OBJECTIVE: To describe the frequency of clinically significant side effects associated with adjuvant intraperitoneal (IP) carboplatin and intravenous (IV) dose-dense paclitaxel chemotherapy for epithelial ovarian cancer (EOC).

METHODS: Patients with stage II to IV EOC who underwent upfront cytoreductive surgery followed by adjuvant IP carboplatin (AUC 6) every 3 weeks with IV paclitaxel weekly at 80 mg/m2 were included. Side effects and the resulting changes in treatment are presented using univariate analysis and compared to major phase III RCTs.
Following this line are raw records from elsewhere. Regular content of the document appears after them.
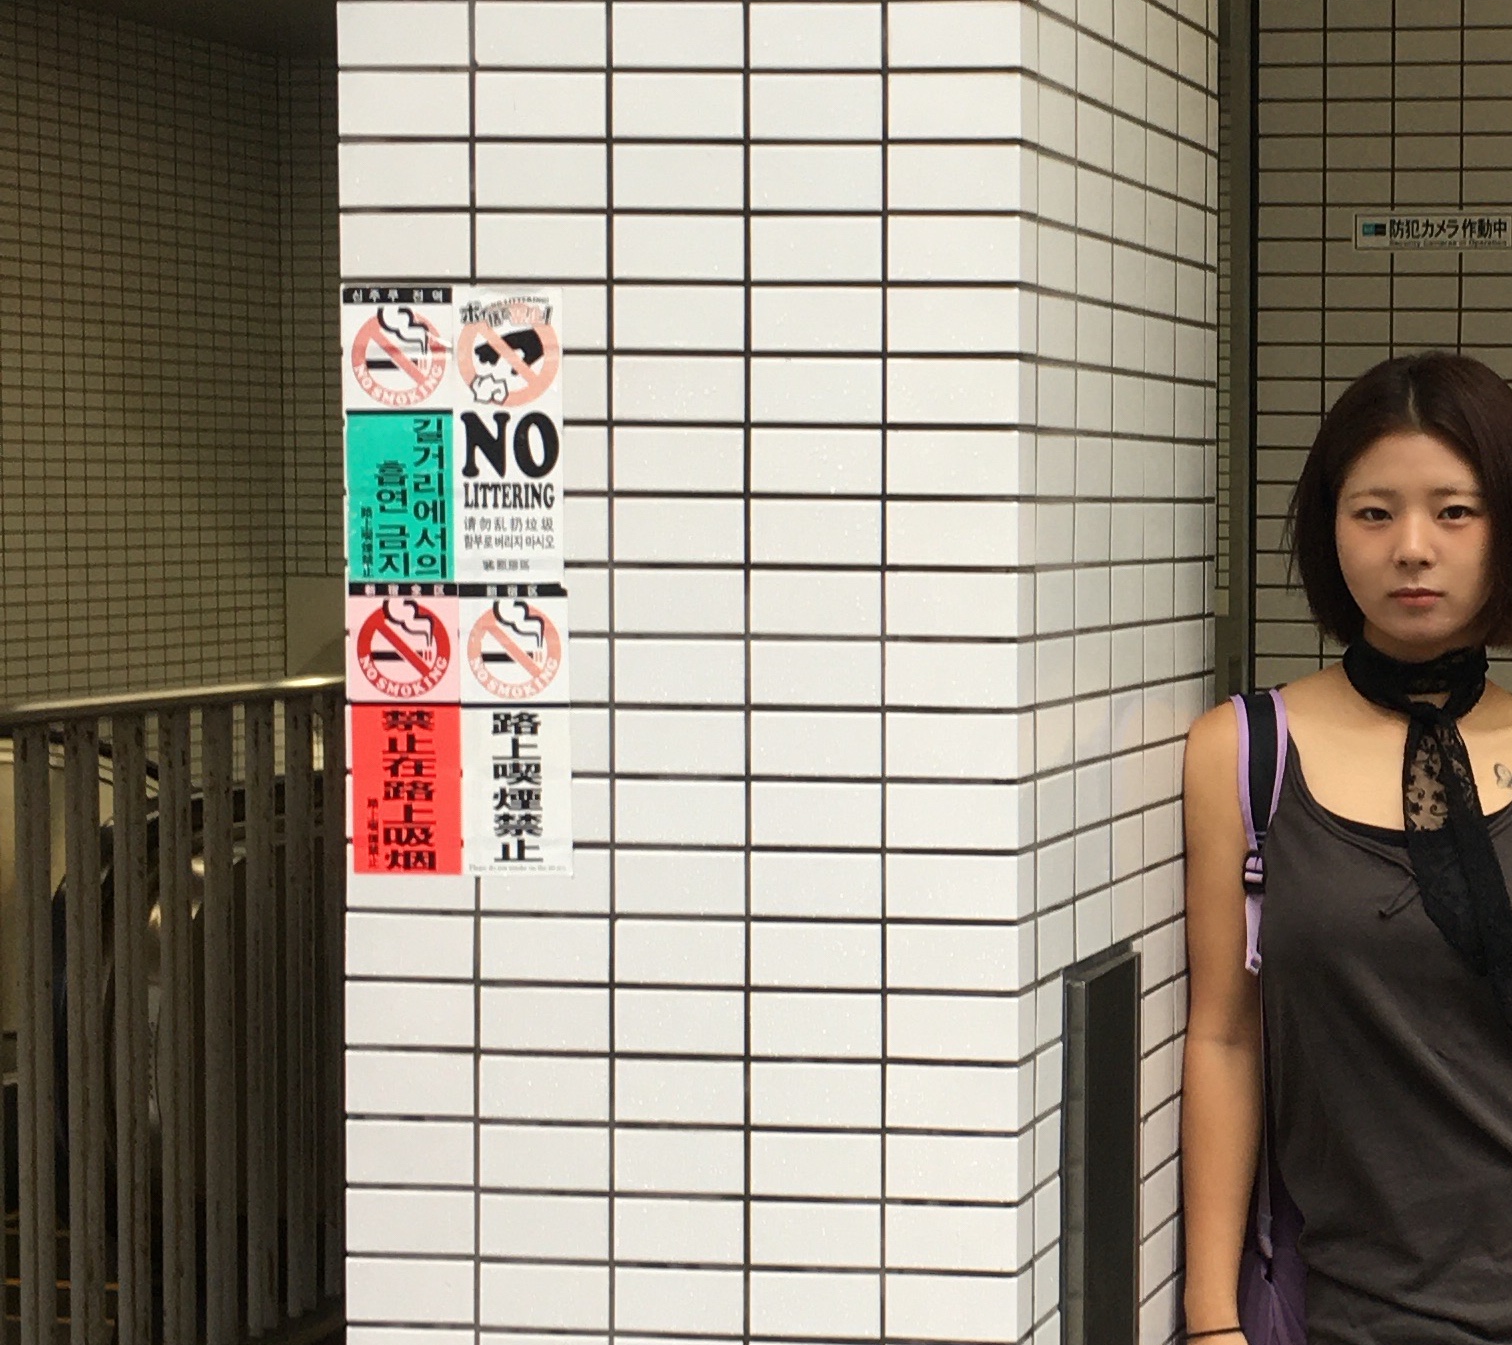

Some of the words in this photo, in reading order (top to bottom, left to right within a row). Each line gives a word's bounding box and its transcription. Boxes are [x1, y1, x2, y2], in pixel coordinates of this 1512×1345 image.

[1389, 218, 1508, 239] 防犯カメラ作動中
[355, 365, 370, 391] NO
[369, 364, 443, 405] SMOKING
[460, 411, 559, 478] NO
[374, 460, 410, 578] 흡연금지
[413, 418, 447, 579] 길거리에서의
[463, 483, 555, 510] LITTERING
[360, 657, 377, 681] NO
[376, 657, 448, 698] SMOKING
[470, 657, 488, 682] NO
[487, 657, 559, 699] SMOKING
[382, 710, 437, 871] 禁止在路上吸烟
[492, 712, 543, 863] 路上喫煙禁止
RESULTS: Between March 2013 and October 2015, 49 patients comprising 289 cycles of chemotherapy were included in the analysis; 43 patients (87.8%) completed six cycles of chemotherapy and 38 (77.6%) completed six cycles of IP carboplatin. Treatment was discontinued early due to neuropathy (5/49) and disease progression (1/49). Carboplatin IV was substituted due to port access (3/49) and poor postoperative performance status (3/49). Neutropenia occurred in 16 patients (32.7%). Fourteen patients (28.6%) required red blood cell transfusion. Thrombocytopenia affected nine patients (18.4%). Infection delaying treatment occurred in five patients (10.4%). Gastrointestinal and renal toxicity occurred in four (8.1%) and one patient (2.0%), respectively. Four patients experienced a taxane reaction. No patients experienced ototoxicity, fistula formation, chemotherapy leakage, or severe abdominal pain.

CONCLUSION: Carboplatin IP and weekly IV paclitaxel was well-tolerated with a side-effect profile similar to or better than previously published traditional treatment regimens.